== GIVEN DATA ==

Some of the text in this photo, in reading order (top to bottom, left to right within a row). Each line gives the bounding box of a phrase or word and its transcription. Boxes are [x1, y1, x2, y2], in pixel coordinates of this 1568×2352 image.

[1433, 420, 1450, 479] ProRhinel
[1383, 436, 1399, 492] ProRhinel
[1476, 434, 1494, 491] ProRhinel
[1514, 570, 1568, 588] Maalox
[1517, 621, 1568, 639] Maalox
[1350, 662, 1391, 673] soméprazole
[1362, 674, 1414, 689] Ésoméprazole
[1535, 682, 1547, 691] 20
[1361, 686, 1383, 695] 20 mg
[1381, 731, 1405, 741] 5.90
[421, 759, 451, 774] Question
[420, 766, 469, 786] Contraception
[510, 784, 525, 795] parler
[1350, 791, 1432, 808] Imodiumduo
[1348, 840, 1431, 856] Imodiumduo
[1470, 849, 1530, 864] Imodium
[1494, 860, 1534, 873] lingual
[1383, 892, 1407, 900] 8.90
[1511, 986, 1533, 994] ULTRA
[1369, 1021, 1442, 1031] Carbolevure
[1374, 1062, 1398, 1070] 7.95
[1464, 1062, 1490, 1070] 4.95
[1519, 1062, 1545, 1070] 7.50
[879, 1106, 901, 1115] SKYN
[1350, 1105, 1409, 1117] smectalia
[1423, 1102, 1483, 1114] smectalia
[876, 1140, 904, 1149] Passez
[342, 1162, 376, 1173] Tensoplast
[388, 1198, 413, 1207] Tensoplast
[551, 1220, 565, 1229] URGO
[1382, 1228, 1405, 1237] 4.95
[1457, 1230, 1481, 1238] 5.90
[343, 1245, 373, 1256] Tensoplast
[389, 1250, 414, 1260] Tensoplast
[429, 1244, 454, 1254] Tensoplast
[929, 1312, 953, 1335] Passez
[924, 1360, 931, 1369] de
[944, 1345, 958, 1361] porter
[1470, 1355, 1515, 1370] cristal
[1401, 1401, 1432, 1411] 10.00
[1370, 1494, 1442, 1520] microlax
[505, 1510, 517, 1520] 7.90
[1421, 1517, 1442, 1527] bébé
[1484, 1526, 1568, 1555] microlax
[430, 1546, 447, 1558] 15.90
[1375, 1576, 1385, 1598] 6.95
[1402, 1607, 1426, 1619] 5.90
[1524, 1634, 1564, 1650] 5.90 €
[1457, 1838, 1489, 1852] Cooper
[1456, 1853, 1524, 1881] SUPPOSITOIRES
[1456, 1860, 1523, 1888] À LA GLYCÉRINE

===

▶ WHAT YOU WILL DO: Copy each line in the data that holds the word "Imodiumduo".

▶ ANSWER TO THE PROBLEM:
[1350, 791, 1432, 808] Imodiumduo
[1348, 840, 1431, 856] Imodiumduo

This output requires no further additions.